Typical hybrid: server generates personal list of 100–200 candidates daily, mobile client stores locally and re-ranks in real-time by recent session events.

Event Collection — Quality Foundation

Recommendation system is only as good as data. On mobile client, log minimum:

  • item_view — viewed object (with dwell time, not just impression)
  • item_click — tap on object
  • item_purchase / item_save — conversion action
  • item_skip — scrolled past (important negative signal)
// Android: event logger with batching
class RecoEventLogger(private val api: RecoApi) {
    private val buffer = mutableListOf<RecoEvent>()
    private val flushInterval = 30_000L // 30 seconds

    fun log(event: RecoEvent) {
        buffer.add(event.copy(timestamp = System.currentTimeMillis()))
        if (buffer.size >= 20) flush() // or by timer
    }

    private fun flush() {
        if (buffer.isEmpty()) return
        val batch = buffer.toList()
        buffer.clear()
        viewModelScope.launch(Dispatchers.IO) {
            runCatching { api.sendEvents(batch) }
            // On error — store in Room for retry
        }
    }
}

Important: dwell_time — often overlooked signal. Track when card enters viewport (RecyclerView.OnScrollListener or LazyList.onVisibleItemsChanged) and leaves. View under 2 seconds — likely scroll-by.

CoreML / TFLite Re-ranking On-Device

If server returns top-200 candidates, final ranking can be done on-device. Eliminates extra network request on screen open.

On iOS with CoreML:

// Load model (bundled or Core ML Model Deployment)
let model = try MLModel(contentsOf: modelURL)
let input = RerankerInput(
    userVector: userEmbedding,        // Float32 array 64d
    itemVectors: itemEmbeddings,      // [Float32 array 64d]
    sessionFeatures: sessionContext   // last 10 actions
)
let output = try model.prediction(from: input)
let scores = output.featureValue(for: "scores")?.multiArrayValue

TensorFlow Lite on Android — via Interpreter with ByteBuffer input. For models > 10 MB use GPU delegate (GpuDelegate) — 3–8x speedup on flagships.

Update model without app release: iOS — Core ML Model Deployment via CloudKit or own CDN with MLModel.compileModel(at:). Android — Firebase ML with RemoteModel or direct .tflite download to filesDir with hash verification.

Cold Start for New Users

First 5–10 sessions lack data for personalization. Standard approach — hybrid:

  1. Onboarding quiz (2–3 preference questions) gives initial profile
  2. Popularity-based as fallback
  3. Implicit feedback from first interactions quickly shifts profile

Don't show "recommendations for you" until minimum history — more honest and doesn't break quality metrics.

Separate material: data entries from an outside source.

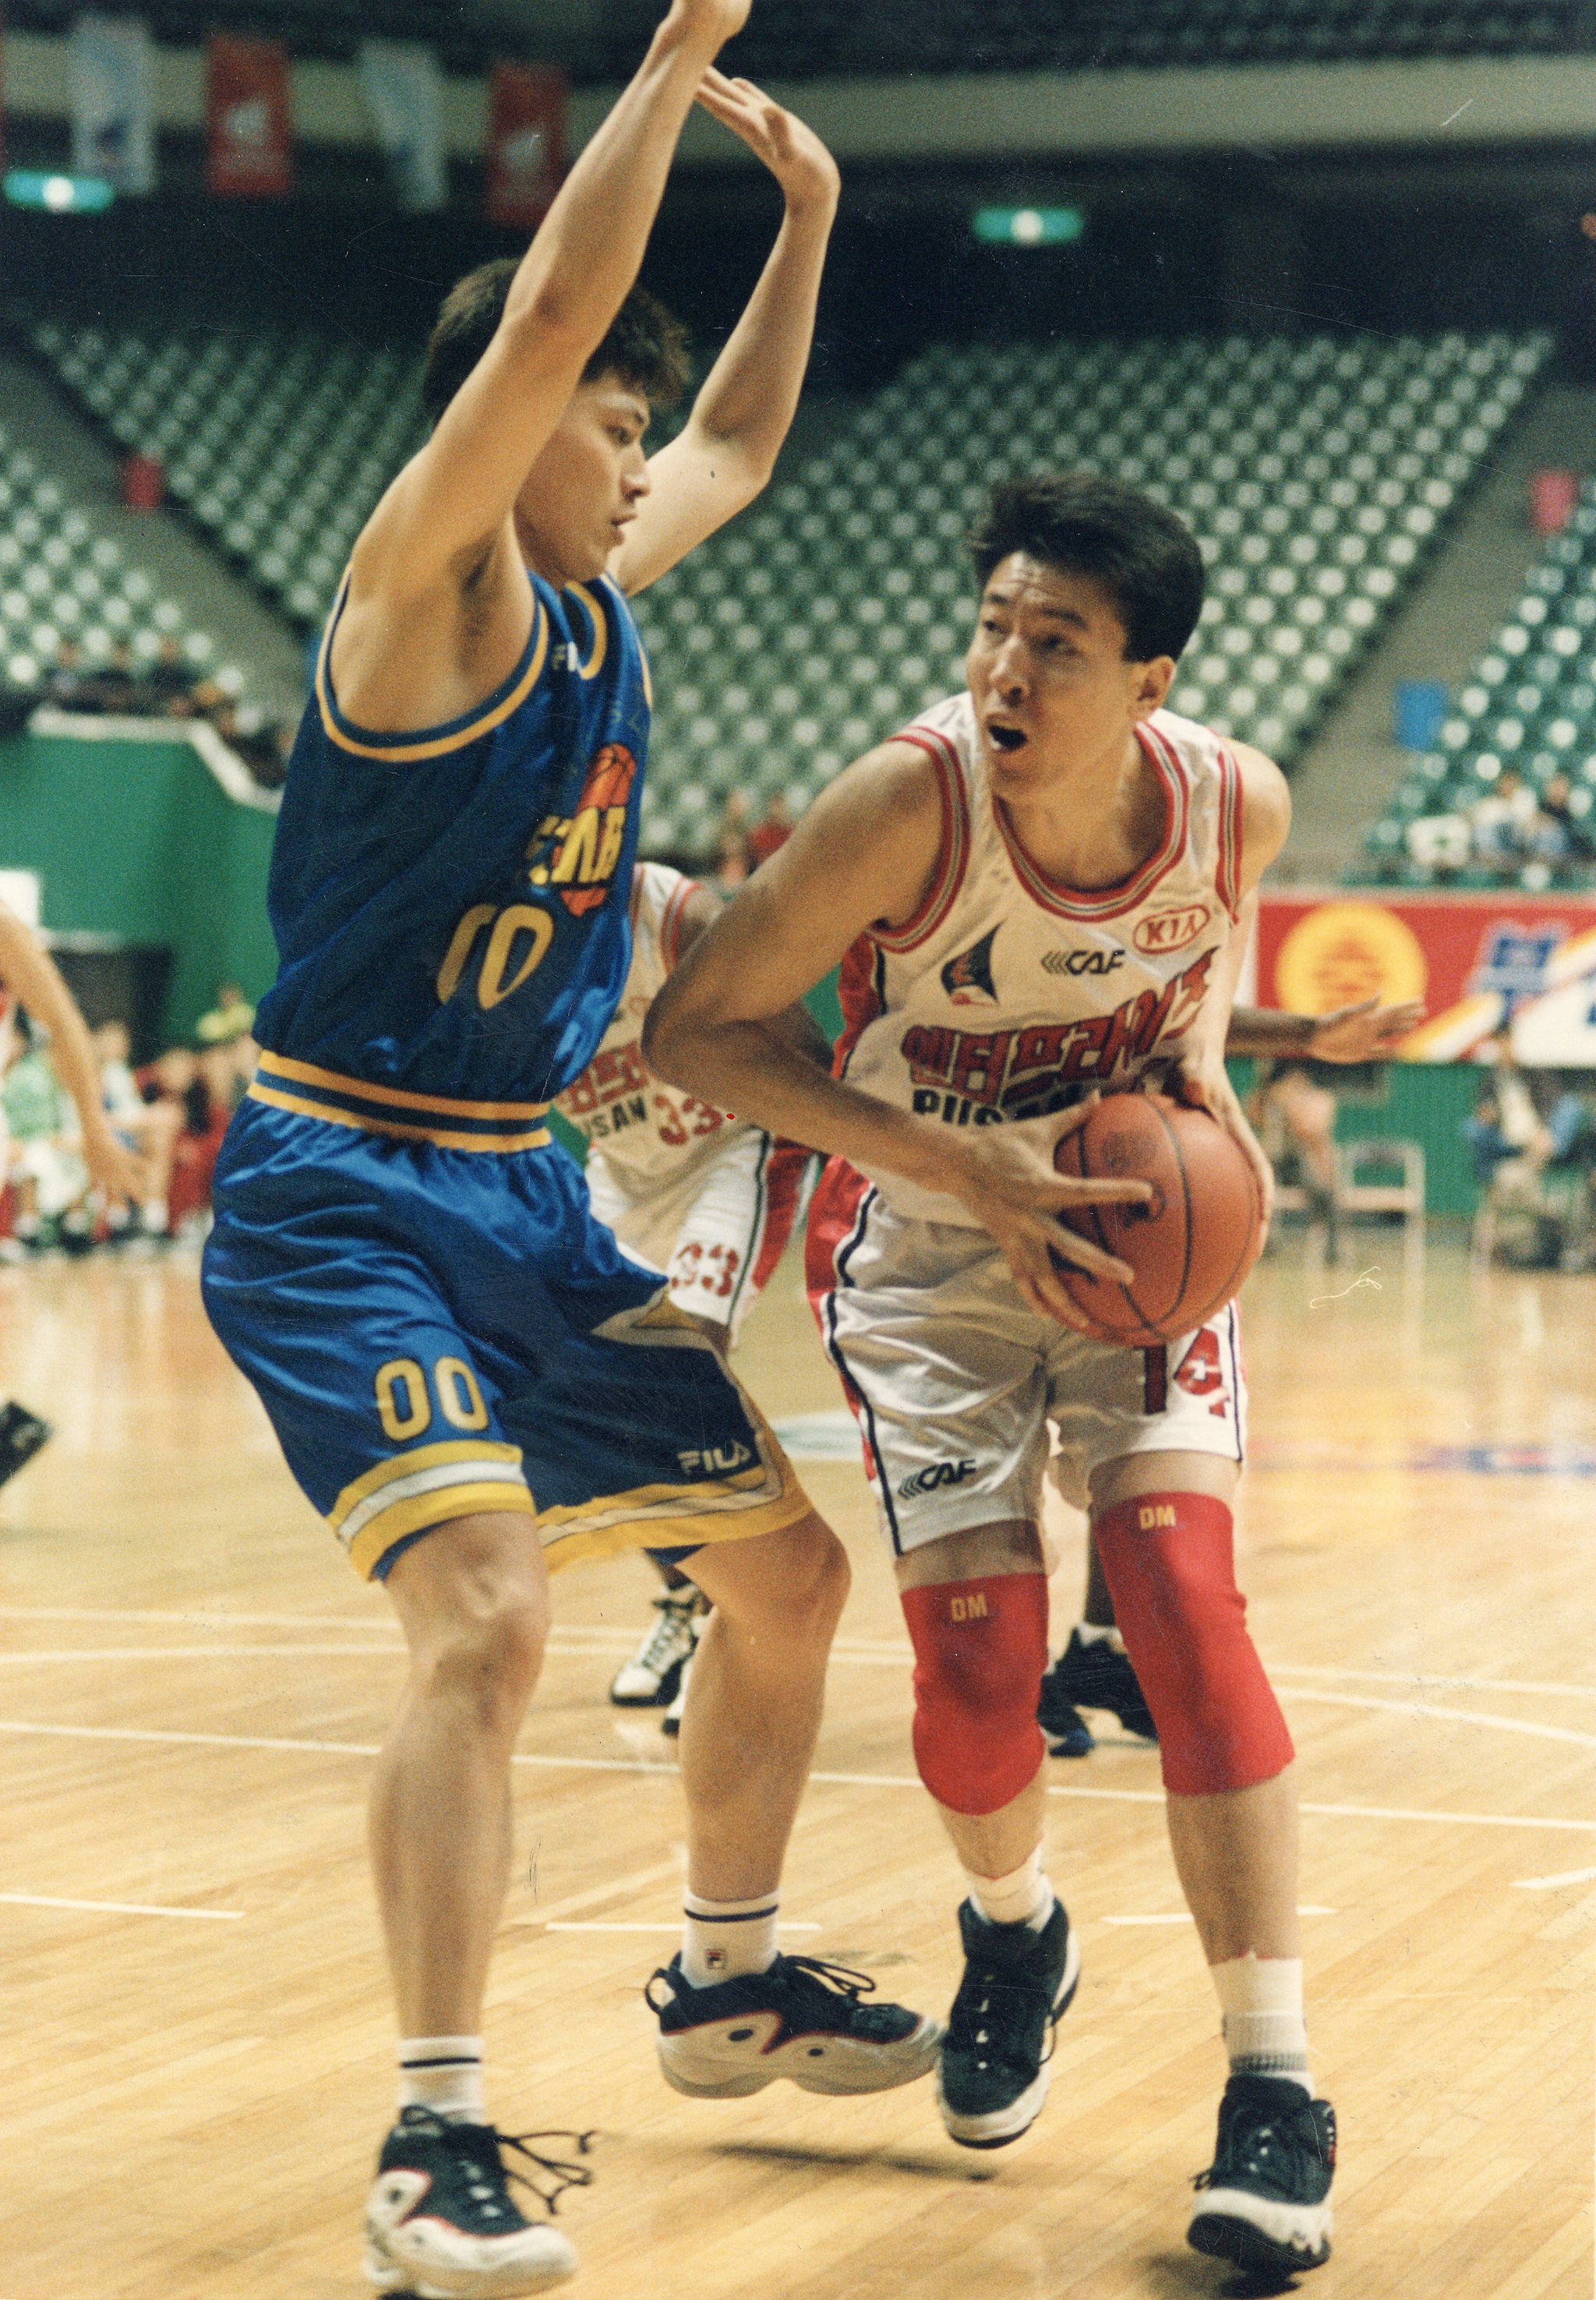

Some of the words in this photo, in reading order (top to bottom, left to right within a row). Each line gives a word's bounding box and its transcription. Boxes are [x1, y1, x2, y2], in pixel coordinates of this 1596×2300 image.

[1146, 914, 1198, 946] KIA
[374, 1356, 490, 1442] 00
[677, 1440, 752, 1475] FILA
[1139, 1504, 1177, 1530] DM
[950, 1595, 988, 1623] DM
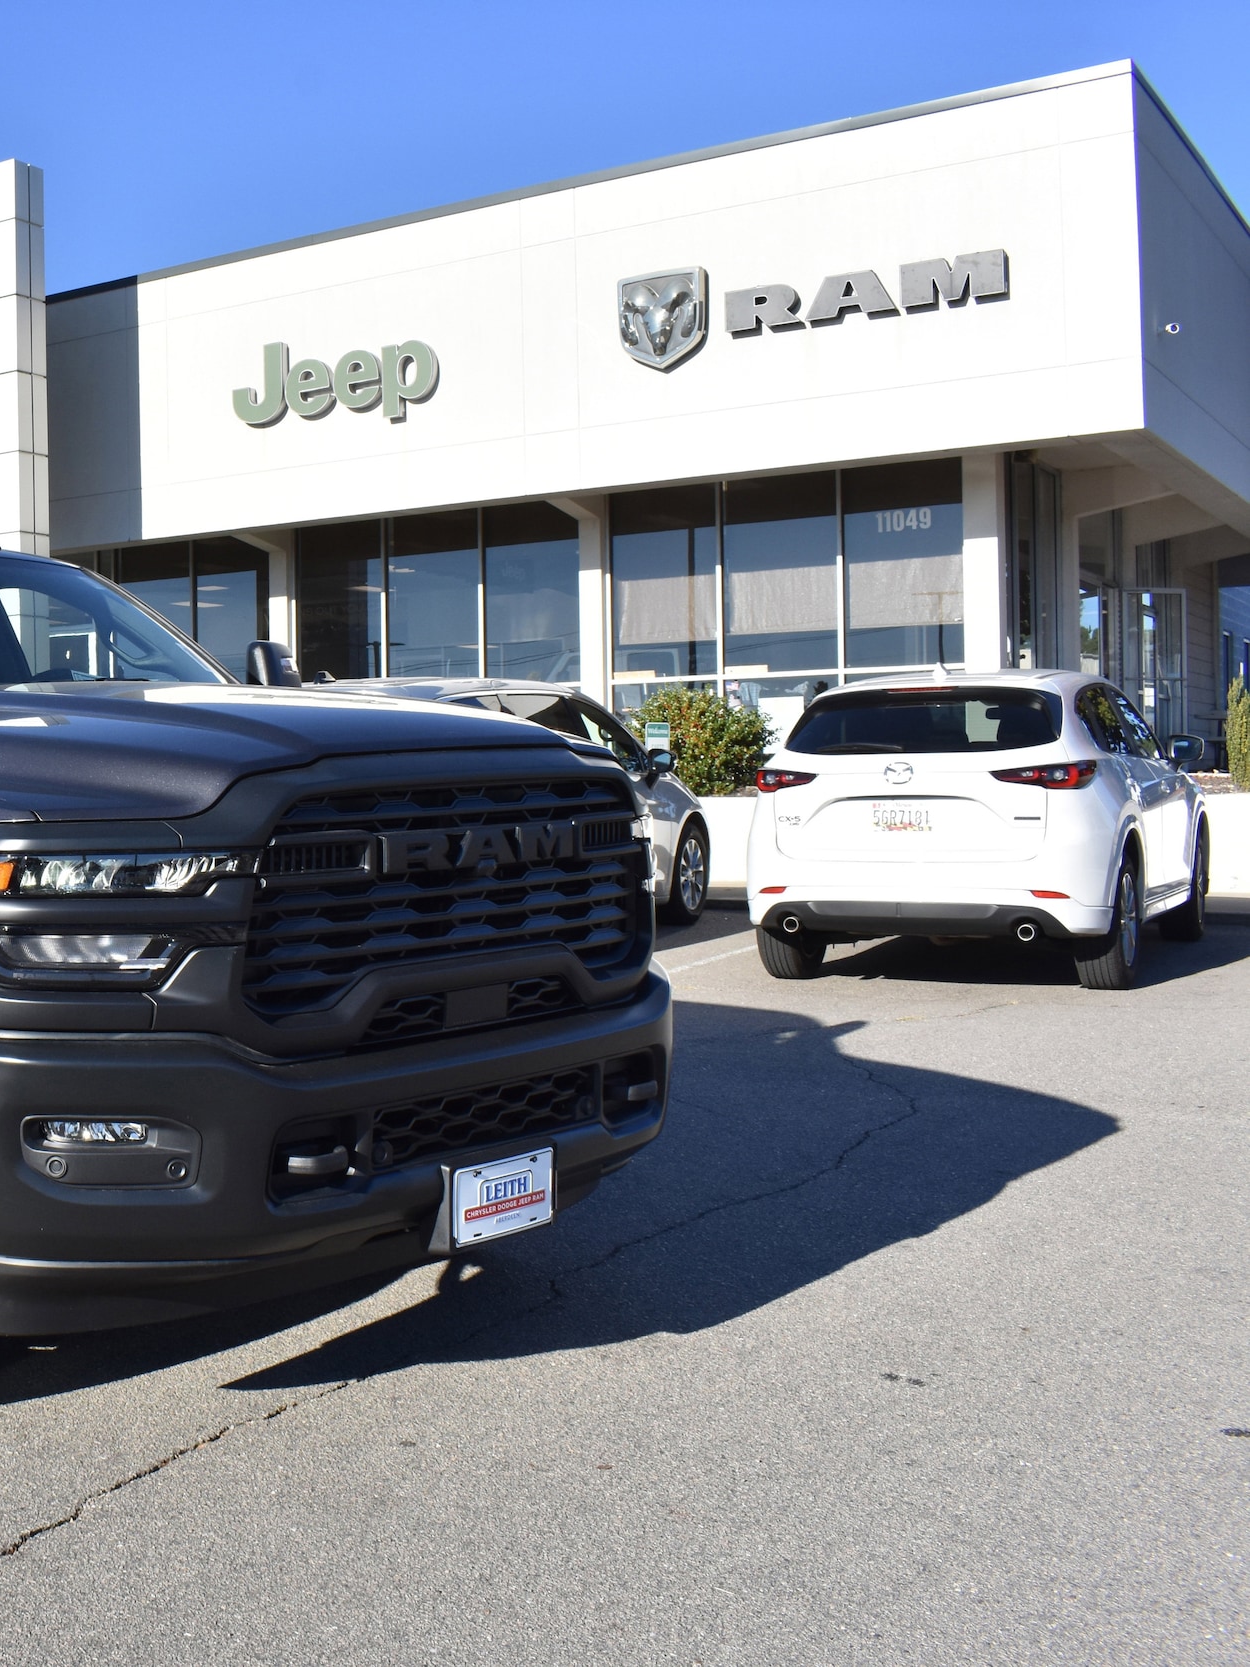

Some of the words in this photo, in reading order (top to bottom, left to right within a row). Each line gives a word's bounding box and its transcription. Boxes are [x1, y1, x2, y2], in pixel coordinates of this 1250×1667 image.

[725, 249, 1008, 337] RAM
[232, 340, 439, 427] Jeep
[876, 508, 931, 533] 11049
[378, 820, 573, 874] RAM
[466, 1206, 496, 1219] CHRYSLER
[497, 1201, 517, 1212] DODGE
[518, 1197, 532, 1206] JEEP
[532, 1193, 544, 1201] RAM
[485, 1175, 528, 1203] LEITH

Production Quality Metrics

Click-Through Rate (CTR) and conversion are basic. For mobile UX, also track "recommendation blindness": if block is ignored, worse than low CTR. A/B-testing via Firebase Remote Config or Amplitude Experiment — mandatory on algorithm changes. Minimum sample for statistical significance — 1000+ unique users per variant.

Implementation Process

Audit current data and events. Choose architecture (on-device / server / hybrid). Develop event tracker with batching and retry. Server component or integrate ready ML service (Amazon Personalize, Google Recommendations AI). Integrate model into mobile client, re-ranking. UI components for recommendation blocks. A/B-testing and analytics.

Timeline Guidelines

Integrate ready server recommendation service with event tracker — 2–3 weeks. Hybrid system with on-device re-ranking, custom events, and A/B-testing — 6–10 weeks.